Start of INFORMATION SUPPLIED
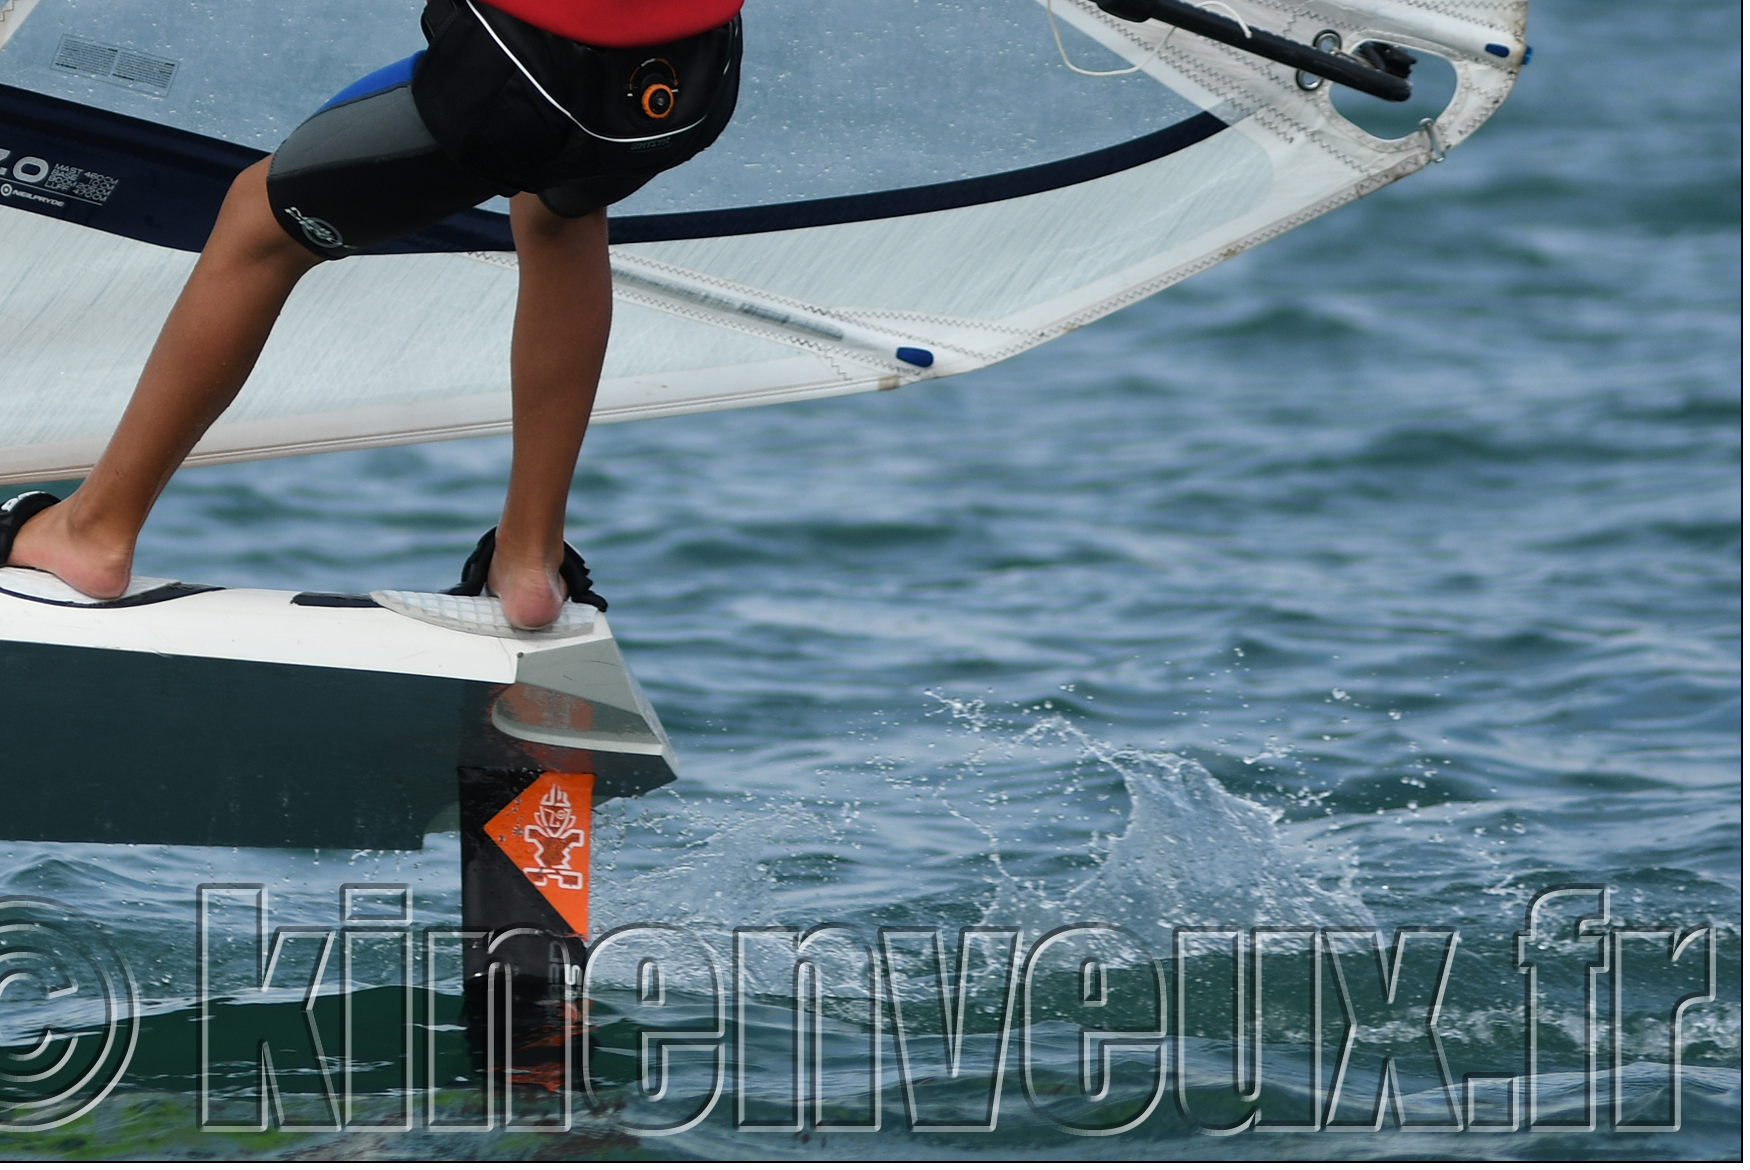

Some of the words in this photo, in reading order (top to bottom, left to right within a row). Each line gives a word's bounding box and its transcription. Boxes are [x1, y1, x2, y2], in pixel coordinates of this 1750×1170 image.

[51, 168, 79, 181] BASE
[53, 163, 84, 175] MAST
[44, 180, 70, 192] LUFF
[48, 174, 78, 187] BOOM
[12, 189, 65, 208] NEILPRYDE
End of INFORMATION SUPPLIED
WORK TO BE COMPLETED: Before copying, set the pictures aside; then give the records again exactly.

EXERCISE OUTPUT:
Some of the words in this photo, in reading order (top to bottom, left to right within a row). Each line gives a word's bounding box and its transcription. Boxes are [x1, y1, x2, y2], in pixel coordinates of this 1750×1170 image.

[51, 168, 79, 181] BASE
[53, 163, 84, 175] MAST
[44, 180, 70, 192] LUFF
[48, 174, 78, 187] BOOM
[12, 189, 65, 208] NEILPRYDE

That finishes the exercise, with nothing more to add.